There’s been a dearth of foreign film distribution over here since the Reagan era (that is pretty much when the country closed in on itself), and this comes to the fore when you consider a career like Mario Monicelli’s. This legend of Italian movie comedy made almost 70 features and kept right on making them until 2006 (when he was 91), but we barely saw a solid dozen of his pictures throughout the years, and were certainly not gonna see ’em after the xenophobic Eighties kicked in.
Monicelli died on November 29th of this year when he leaped from the fifth-story window of a hospital where he was being treated for prostate cancer. He was 95 years old and, according to one obit I read, chose the method of suicide used by his father (that still needs verification, as Wikipedia likes to put it).
He began steadily directing features at the turn of the 1950s, and scored his first hits with the great Italian comedian Totò. Totò also starred in his best-remembered and most well-distributed comedy, the ultimate “gang that couldn’t shoot straight” caper film I Soliti Ignoti (1958), which translates as “The unknown thieves” (reportedly titled after the “usual suspects” line in Casablanca).

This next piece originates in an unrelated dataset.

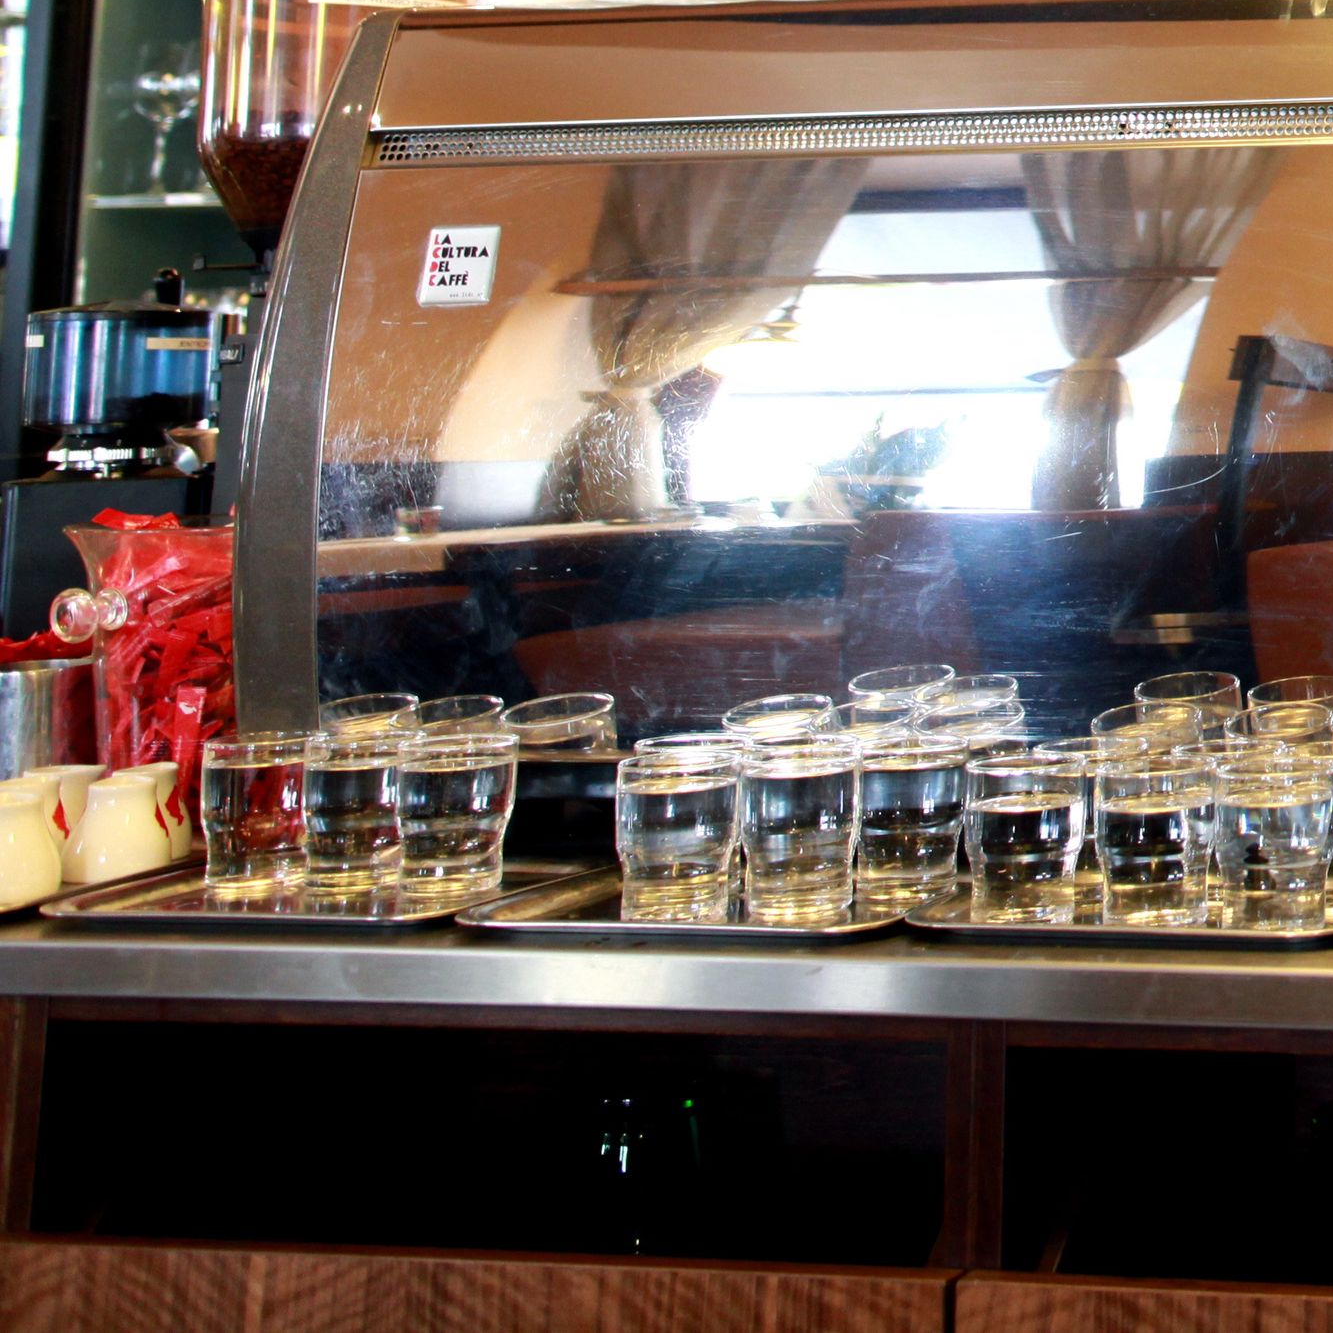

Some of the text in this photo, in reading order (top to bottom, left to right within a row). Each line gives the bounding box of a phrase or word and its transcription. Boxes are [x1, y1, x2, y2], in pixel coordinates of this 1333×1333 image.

[434, 233, 452, 245] LA
[432, 246, 489, 259] CULTURA
[429, 261, 450, 273] DEL

The film was better known over here as Big Deal on Madonna Street, and remains one of the greatest Italian comedy movies ever. Not a single scene can be found with English subs on YouTube (presumably because it is now out on Criterion — although at one time “public domain” videos of it were available over here), but I think this clip showing the would-be crooks figuring out how to bust through a wall is indicative of the film’s wonderful humor. Among the many leads were Vittorio Gassman and a young Marcello Mastroianni:
Monicelli was hailed critcally and popularly for the comedy The Great War (1959) with Gassman and Alberto Sordi, and the drama The Organizer (1963) (both unseeable in the U.S. these days). He also had an entry in the anthology film Boccaccio ’70 (1962), which featured short films by De Sica, Fellini, and Visconti. There is an English-language trailer (very Sixties, of course) on YouTube for this film, but I won’t link to it, as it was the Joseph E. Levine-trimmed version of the film that was missing the Monicelli segment (his short didn’t feature a “name” actress, so Levine decided to keep the segments that featured Loren, Romy Schneider, and Fellini’s uber-fetishy "Amazing Colossal" version of Anita Ekberg). Here is the Italian trailer that includes Monicelli’s segment:
If you’re getting the impression that we didn’t get to see a lot of Monicelli’s work, well, you’re right; currently only Big Deal is available on DVD in the U.S. Thus, we won’t be seeing what was hailed as one of his best films, My Friends (1975) with Tognazzi and Noiret, anytime soon, but we can at least troll YouTube for wonderful moments like this bit from Monicelli’s Casanova 70 (1965) with the one and only Marcello cuckolding none other than Funhouse fave Marco Ferreri. There are no subs on this scene, but you don’t need ’em. When a horny wife strays from the marital bed for a late-night tango with Marcello, what else do you really need to know?
I will close out by saying that I saw one of Monicelli’s meagerest comedies late one night on local Ch. 5 back in the Eighties. Shot mostly in English, La mortadella (1970), renamed Lady Liberty, is a dippy comedy that finds Sophia Loren not being allowed into the U.S. because she insists that she must carry an Italian sausage (the titular mortadella) into the country (don't ask). Along the way, as she is held in detention by immigration officials, she meets characters played by William Devane, David Doyle, a much younger Danny DeVito, and the gorgeous straight-outta-Joe Susan Sarandon. I don’t have the clearest memories of the film, except that it belabors its premise and it ain’t funny.
Monicelli appeared in a minor role as an actor in the Diane Lane film Under the Tuscan Sun (2003). Given the depressing circumstances of his death, I’ll refer you to the rousing quote utilized in his Variety obit, on the subject of the future of film: "Cinema will never die, it was born and cannot die. The cinema hall will die perhaps, but I definitely don't care [about] this."